* Requirement
Repeat the material below exactly, line for line.

* Data under study
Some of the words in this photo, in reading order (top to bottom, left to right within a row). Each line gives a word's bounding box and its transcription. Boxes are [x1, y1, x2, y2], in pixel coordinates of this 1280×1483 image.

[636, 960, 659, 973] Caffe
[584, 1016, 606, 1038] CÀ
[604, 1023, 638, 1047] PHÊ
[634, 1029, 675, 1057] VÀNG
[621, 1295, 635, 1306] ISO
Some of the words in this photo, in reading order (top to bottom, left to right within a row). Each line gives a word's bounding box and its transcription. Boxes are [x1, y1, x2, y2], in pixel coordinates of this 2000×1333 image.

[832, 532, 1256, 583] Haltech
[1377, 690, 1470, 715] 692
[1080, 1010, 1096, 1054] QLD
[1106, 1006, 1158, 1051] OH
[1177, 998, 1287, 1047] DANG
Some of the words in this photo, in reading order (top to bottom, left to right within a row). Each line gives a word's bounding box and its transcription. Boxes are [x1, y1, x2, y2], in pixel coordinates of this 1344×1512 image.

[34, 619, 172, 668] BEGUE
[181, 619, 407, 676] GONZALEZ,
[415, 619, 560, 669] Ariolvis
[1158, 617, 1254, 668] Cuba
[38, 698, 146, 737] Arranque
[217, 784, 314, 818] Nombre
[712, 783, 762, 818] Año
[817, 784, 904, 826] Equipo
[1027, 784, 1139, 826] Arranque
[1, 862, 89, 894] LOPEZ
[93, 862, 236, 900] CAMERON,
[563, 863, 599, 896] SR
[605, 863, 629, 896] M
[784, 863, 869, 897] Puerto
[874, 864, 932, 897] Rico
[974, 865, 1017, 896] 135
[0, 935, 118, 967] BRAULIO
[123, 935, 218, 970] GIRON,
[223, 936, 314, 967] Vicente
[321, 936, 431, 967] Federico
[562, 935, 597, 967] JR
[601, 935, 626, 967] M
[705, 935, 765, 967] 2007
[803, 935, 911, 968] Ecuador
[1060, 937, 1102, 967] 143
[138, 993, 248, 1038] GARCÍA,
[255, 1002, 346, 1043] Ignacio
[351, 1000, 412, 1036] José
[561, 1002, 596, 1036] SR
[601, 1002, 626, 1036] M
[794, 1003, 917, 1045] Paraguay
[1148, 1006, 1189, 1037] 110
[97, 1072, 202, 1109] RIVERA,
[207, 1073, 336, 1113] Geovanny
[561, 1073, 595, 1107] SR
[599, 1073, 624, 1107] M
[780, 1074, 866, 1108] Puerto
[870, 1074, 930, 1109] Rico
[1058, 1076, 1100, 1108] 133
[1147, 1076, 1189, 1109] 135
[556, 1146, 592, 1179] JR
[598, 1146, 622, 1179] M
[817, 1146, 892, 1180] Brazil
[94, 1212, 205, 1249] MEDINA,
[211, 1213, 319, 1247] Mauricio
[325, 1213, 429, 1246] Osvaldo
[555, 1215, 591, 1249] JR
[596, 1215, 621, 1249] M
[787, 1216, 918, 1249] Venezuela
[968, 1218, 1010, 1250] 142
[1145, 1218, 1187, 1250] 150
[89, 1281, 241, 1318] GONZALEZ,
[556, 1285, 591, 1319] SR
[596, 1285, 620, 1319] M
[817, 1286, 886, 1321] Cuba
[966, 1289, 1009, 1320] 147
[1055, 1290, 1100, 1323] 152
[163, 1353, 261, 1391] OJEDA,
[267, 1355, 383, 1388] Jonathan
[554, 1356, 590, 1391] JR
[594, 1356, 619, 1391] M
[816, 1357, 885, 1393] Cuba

* Solution to the problem
Some of the words in this photo, in reading order (top to bottom, left to right within a row). Each line gives a word's bounding box and its transcription. Boxes are [x1, y1, x2, y2], in pixel coordinates of this 1280×1483 image.

[636, 960, 659, 973] Caffe
[584, 1016, 606, 1038] CÀ
[604, 1023, 638, 1047] PHÊ
[634, 1029, 675, 1057] VÀNG
[621, 1295, 635, 1306] ISO
Some of the words in this photo, in reading order (top to bottom, left to right within a row). Each line gives a word's bounding box and its transcription. Boxes are [x1, y1, x2, y2], in pixel coordinates of this 2000×1333 image.

[832, 532, 1256, 583] Haltech
[1377, 690, 1470, 715] 692
[1080, 1010, 1096, 1054] QLD
[1106, 1006, 1158, 1051] OH
[1177, 998, 1287, 1047] DANG
Some of the words in this photo, in reading order (top to bottom, left to right within a row). Each line gives a word's bounding box and its transcription. Boxes are [x1, y1, x2, y2], in pixel coordinates of this 1344×1512 image.

[34, 619, 172, 668] BEGUE
[181, 619, 407, 676] GONZALEZ,
[415, 619, 560, 669] Ariolvis
[1158, 617, 1254, 668] Cuba
[38, 698, 146, 737] Arranque
[217, 784, 314, 818] Nombre
[712, 783, 762, 818] Año
[817, 784, 904, 826] Equipo
[1027, 784, 1139, 826] Arranque
[1, 862, 89, 894] LOPEZ
[93, 862, 236, 900] CAMERON,
[563, 863, 599, 896] SR
[605, 863, 629, 896] M
[784, 863, 869, 897] Puerto
[874, 864, 932, 897] Rico
[974, 865, 1017, 896] 135
[0, 935, 118, 967] BRAULIO
[123, 935, 218, 970] GIRON,
[223, 936, 314, 967] Vicente
[321, 936, 431, 967] Federico
[562, 935, 597, 967] JR
[601, 935, 626, 967] M
[705, 935, 765, 967] 2007
[803, 935, 911, 968] Ecuador
[1060, 937, 1102, 967] 143
[138, 993, 248, 1038] GARCÍA,
[255, 1002, 346, 1043] Ignacio
[351, 1000, 412, 1036] José
[561, 1002, 596, 1036] SR
[601, 1002, 626, 1036] M
[794, 1003, 917, 1045] Paraguay
[1148, 1006, 1189, 1037] 110
[97, 1072, 202, 1109] RIVERA,
[207, 1073, 336, 1113] Geovanny
[561, 1073, 595, 1107] SR
[599, 1073, 624, 1107] M
[780, 1074, 866, 1108] Puerto
[870, 1074, 930, 1109] Rico
[1058, 1076, 1100, 1108] 133
[1147, 1076, 1189, 1109] 135
[556, 1146, 592, 1179] JR
[598, 1146, 622, 1179] M
[817, 1146, 892, 1180] Brazil
[94, 1212, 205, 1249] MEDINA,
[211, 1213, 319, 1247] Mauricio
[325, 1213, 429, 1246] Osvaldo
[555, 1215, 591, 1249] JR
[596, 1215, 621, 1249] M
[787, 1216, 918, 1249] Venezuela
[968, 1218, 1010, 1250] 142
[1145, 1218, 1187, 1250] 150
[89, 1281, 241, 1318] GONZALEZ,
[556, 1285, 591, 1319] SR
[596, 1285, 620, 1319] M
[817, 1286, 886, 1321] Cuba
[966, 1289, 1009, 1320] 147
[1055, 1290, 1100, 1323] 152
[163, 1353, 261, 1391] OJEDA,
[267, 1355, 383, 1388] Jonathan
[554, 1356, 590, 1391] JR
[594, 1356, 619, 1391] M
[816, 1357, 885, 1393] Cuba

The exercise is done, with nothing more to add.